# [Requirement]
Return the full listing below, unchanged.
++++ Exercise data
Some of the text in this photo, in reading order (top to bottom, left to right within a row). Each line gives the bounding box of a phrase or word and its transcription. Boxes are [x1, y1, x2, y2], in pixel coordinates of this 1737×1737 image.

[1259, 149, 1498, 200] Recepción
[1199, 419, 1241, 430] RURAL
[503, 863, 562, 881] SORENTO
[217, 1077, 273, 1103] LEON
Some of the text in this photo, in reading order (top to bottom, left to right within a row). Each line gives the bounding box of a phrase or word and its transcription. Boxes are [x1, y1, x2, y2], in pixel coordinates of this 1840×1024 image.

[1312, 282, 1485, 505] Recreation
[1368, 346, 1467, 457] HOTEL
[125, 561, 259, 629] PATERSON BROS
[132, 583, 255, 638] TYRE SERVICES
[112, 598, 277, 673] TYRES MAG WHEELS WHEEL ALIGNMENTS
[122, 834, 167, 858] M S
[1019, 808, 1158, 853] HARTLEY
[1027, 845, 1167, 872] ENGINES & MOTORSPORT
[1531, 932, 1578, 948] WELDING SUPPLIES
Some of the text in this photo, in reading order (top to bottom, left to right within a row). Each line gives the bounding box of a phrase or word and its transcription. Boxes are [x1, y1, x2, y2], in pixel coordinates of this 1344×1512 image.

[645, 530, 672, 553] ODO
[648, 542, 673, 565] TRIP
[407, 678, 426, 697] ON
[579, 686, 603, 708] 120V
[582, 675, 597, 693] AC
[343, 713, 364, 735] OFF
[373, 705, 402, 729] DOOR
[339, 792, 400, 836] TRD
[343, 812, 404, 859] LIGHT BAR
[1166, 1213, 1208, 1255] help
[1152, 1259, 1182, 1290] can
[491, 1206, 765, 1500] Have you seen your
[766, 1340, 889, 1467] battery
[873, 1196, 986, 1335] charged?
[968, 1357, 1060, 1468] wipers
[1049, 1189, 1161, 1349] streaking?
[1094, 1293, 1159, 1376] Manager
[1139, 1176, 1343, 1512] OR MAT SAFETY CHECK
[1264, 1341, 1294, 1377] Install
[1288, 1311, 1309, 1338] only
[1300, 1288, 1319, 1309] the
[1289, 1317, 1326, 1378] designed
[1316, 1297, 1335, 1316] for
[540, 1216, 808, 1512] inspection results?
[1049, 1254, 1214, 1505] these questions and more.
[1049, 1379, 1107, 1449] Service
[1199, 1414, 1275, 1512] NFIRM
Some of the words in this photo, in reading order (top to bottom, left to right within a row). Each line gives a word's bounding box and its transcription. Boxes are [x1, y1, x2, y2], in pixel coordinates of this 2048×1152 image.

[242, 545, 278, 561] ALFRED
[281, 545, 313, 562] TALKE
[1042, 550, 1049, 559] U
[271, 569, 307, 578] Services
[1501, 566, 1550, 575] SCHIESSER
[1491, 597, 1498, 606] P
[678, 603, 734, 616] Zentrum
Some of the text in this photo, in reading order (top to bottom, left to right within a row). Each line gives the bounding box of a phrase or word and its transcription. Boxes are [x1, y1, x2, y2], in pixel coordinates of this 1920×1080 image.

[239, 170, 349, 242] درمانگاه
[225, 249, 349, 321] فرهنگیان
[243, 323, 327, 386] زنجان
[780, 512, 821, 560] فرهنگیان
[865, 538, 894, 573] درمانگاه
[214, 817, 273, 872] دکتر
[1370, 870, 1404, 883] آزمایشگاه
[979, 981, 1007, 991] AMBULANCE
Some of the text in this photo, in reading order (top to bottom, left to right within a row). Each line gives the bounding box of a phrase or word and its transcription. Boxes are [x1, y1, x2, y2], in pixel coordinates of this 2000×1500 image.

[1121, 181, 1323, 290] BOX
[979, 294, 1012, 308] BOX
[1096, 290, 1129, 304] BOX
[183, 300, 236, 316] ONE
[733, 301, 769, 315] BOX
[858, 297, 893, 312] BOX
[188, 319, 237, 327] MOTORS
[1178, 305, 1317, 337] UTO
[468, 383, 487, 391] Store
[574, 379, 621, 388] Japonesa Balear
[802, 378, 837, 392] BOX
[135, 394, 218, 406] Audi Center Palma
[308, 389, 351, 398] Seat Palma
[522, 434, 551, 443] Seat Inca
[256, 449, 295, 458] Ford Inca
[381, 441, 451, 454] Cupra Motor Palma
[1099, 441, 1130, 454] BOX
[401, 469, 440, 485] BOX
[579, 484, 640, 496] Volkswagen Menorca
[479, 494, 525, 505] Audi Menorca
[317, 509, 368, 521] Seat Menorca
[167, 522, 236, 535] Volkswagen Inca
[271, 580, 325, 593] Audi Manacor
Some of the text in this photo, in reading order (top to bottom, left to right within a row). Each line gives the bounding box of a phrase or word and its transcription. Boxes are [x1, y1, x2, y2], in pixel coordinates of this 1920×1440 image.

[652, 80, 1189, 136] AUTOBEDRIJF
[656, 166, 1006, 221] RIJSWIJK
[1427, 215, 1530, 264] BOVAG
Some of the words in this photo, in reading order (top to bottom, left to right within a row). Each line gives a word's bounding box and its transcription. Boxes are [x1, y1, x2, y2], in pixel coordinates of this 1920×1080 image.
++++++++
# [Your response]
Some of the text in this photo, in reading order (top to bottom, left to right within a row). Each line gives the bounding box of a phrase or word and its transcription. Boxes are [x1, y1, x2, y2], in pixel coordinates of this 1737×1737 image.

[1259, 149, 1498, 200] Recepción
[1199, 419, 1241, 430] RURAL
[503, 863, 562, 881] SORENTO
[217, 1077, 273, 1103] LEON
Some of the text in this photo, in reading order (top to bottom, left to right within a row). Each line gives the bounding box of a phrase or word and its transcription. Boxes are [x1, y1, x2, y2], in pixel coordinates of this 1840×1024 image.

[1312, 282, 1485, 505] Recreation
[1368, 346, 1467, 457] HOTEL
[125, 561, 259, 629] PATERSON BROS
[132, 583, 255, 638] TYRE SERVICES
[112, 598, 277, 673] TYRES MAG WHEELS WHEEL ALIGNMENTS
[122, 834, 167, 858] M S
[1019, 808, 1158, 853] HARTLEY
[1027, 845, 1167, 872] ENGINES & MOTORSPORT
[1531, 932, 1578, 948] WELDING SUPPLIES
Some of the text in this photo, in reading order (top to bottom, left to right within a row). Each line gives the bounding box of a phrase or word and its transcription. Boxes are [x1, y1, x2, y2], in pixel coordinates of this 1344×1512 image.

[645, 530, 672, 553] ODO
[648, 542, 673, 565] TRIP
[407, 678, 426, 697] ON
[579, 686, 603, 708] 120V
[582, 675, 597, 693] AC
[343, 713, 364, 735] OFF
[373, 705, 402, 729] DOOR
[339, 792, 400, 836] TRD
[343, 812, 404, 859] LIGHT BAR
[1166, 1213, 1208, 1255] help
[1152, 1259, 1182, 1290] can
[491, 1206, 765, 1500] Have you seen your
[766, 1340, 889, 1467] battery
[873, 1196, 986, 1335] charged?
[968, 1357, 1060, 1468] wipers
[1049, 1189, 1161, 1349] streaking?
[1094, 1293, 1159, 1376] Manager
[1139, 1176, 1343, 1512] OR MAT SAFETY CHECK
[1264, 1341, 1294, 1377] Install
[1288, 1311, 1309, 1338] only
[1300, 1288, 1319, 1309] the
[1289, 1317, 1326, 1378] designed
[1316, 1297, 1335, 1316] for
[540, 1216, 808, 1512] inspection results?
[1049, 1254, 1214, 1505] these questions and more.
[1049, 1379, 1107, 1449] Service
[1199, 1414, 1275, 1512] NFIRM
Some of the words in this photo, in reading order (top to bottom, left to right within a row). Each line gives a word's bounding box and its transcription. Boxes are [x1, y1, x2, y2], in pixel coordinates of this 2048×1152 image.

[242, 545, 278, 561] ALFRED
[281, 545, 313, 562] TALKE
[1042, 550, 1049, 559] U
[271, 569, 307, 578] Services
[1501, 566, 1550, 575] SCHIESSER
[1491, 597, 1498, 606] P
[678, 603, 734, 616] Zentrum
Some of the text in this photo, in reading order (top to bottom, left to right within a row). Each line gives the bounding box of a phrase or word and its transcription. Boxes are [x1, y1, x2, y2], in pixel coordinates of this 1920×1080 image.

[239, 170, 349, 242] درمانگاه
[225, 249, 349, 321] فرهنگیان
[243, 323, 327, 386] زنجان
[780, 512, 821, 560] فرهنگیان
[865, 538, 894, 573] درمانگاه
[214, 817, 273, 872] دکتر
[1370, 870, 1404, 883] آزمایشگاه
[979, 981, 1007, 991] AMBULANCE
Some of the text in this photo, in reading order (top to bottom, left to right within a row). Each line gives the bounding box of a phrase or word and its transcription. Boxes are [x1, y1, x2, y2], in pixel coordinates of this 2000×1500 image.

[1121, 181, 1323, 290] BOX
[979, 294, 1012, 308] BOX
[1096, 290, 1129, 304] BOX
[183, 300, 236, 316] ONE
[733, 301, 769, 315] BOX
[858, 297, 893, 312] BOX
[188, 319, 237, 327] MOTORS
[1178, 305, 1317, 337] UTO
[468, 383, 487, 391] Store
[574, 379, 621, 388] Japonesa Balear
[802, 378, 837, 392] BOX
[135, 394, 218, 406] Audi Center Palma
[308, 389, 351, 398] Seat Palma
[522, 434, 551, 443] Seat Inca
[256, 449, 295, 458] Ford Inca
[381, 441, 451, 454] Cupra Motor Palma
[1099, 441, 1130, 454] BOX
[401, 469, 440, 485] BOX
[579, 484, 640, 496] Volkswagen Menorca
[479, 494, 525, 505] Audi Menorca
[317, 509, 368, 521] Seat Menorca
[167, 522, 236, 535] Volkswagen Inca
[271, 580, 325, 593] Audi Manacor
Some of the text in this photo, in reading order (top to bottom, left to right within a row). Each line gives the bounding box of a phrase or word and its transcription. Boxes are [x1, y1, x2, y2], in pixel coordinates of this 1920×1440 image.

[652, 80, 1189, 136] AUTOBEDRIJF
[656, 166, 1006, 221] RIJSWIJK
[1427, 215, 1530, 264] BOVAG
Some of the words in this photo, in reading order (top to bottom, left to right within a row). Each line gives a word's bounding box and its transcription. Boxes are [x1, y1, x2, y2], in pixel coordinates of this 1920×1080 image.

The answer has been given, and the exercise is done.